> _Activity_: Taking the line that contains "this 2353×1568 image." as the starting point, give again exactly every line up to and including the last line of the records below.

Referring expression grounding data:
***
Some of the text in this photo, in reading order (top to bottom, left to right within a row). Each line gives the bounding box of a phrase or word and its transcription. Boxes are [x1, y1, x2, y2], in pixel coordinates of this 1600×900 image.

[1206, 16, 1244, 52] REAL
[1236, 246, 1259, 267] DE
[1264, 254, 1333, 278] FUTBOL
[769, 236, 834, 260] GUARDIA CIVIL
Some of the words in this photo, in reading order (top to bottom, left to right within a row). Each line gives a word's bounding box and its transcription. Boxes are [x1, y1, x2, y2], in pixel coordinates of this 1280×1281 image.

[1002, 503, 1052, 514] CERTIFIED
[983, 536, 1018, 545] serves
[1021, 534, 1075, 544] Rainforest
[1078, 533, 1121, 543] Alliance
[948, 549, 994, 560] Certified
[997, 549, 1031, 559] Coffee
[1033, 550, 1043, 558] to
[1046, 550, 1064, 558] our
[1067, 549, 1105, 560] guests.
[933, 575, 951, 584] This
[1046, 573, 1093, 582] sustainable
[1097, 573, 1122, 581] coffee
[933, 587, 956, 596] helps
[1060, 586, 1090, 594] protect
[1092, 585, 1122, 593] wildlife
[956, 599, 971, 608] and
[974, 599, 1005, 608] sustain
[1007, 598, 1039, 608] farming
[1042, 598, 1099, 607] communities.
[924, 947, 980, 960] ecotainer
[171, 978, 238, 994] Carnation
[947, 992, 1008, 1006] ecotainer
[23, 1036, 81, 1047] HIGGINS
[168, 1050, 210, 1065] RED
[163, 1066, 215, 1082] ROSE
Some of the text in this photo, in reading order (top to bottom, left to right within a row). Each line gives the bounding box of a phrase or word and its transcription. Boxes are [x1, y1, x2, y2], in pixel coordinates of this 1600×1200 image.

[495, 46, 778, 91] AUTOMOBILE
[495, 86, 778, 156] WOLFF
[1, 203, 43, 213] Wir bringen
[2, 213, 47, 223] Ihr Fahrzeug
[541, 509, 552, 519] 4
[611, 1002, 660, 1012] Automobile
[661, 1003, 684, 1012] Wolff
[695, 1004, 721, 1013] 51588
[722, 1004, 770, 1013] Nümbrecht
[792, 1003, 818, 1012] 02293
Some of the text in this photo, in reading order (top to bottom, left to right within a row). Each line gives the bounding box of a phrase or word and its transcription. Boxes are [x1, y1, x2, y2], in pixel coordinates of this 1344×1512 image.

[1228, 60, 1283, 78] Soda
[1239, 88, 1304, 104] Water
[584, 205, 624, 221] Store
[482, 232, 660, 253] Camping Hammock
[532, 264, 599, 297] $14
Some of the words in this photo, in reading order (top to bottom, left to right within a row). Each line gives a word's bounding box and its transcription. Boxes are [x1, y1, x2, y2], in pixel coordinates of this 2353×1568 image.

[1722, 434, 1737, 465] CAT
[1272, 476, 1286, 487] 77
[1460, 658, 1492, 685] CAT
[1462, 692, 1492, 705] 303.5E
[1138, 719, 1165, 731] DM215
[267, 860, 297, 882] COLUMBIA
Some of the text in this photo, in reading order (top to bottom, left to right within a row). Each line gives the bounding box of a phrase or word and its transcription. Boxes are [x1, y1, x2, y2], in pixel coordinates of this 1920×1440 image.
***
> _The answer_:
Some of the words in this photo, in reading order (top to bottom, left to right within a row). Each line gives a word's bounding box and its transcription. Boxes are [x1, y1, x2, y2], in pixel coordinates of this 2353×1568 image.

[1722, 434, 1737, 465] CAT
[1272, 476, 1286, 487] 77
[1460, 658, 1492, 685] CAT
[1462, 692, 1492, 705] 303.5E
[1138, 719, 1165, 731] DM215
[267, 860, 297, 882] COLUMBIA
Some of the text in this photo, in reading order (top to bottom, left to right within a row). Each line gives the bounding box of a phrase or word and its transcription. Boxes are [x1, y1, x2, y2], in pixel coordinates of this 1920×1440 image.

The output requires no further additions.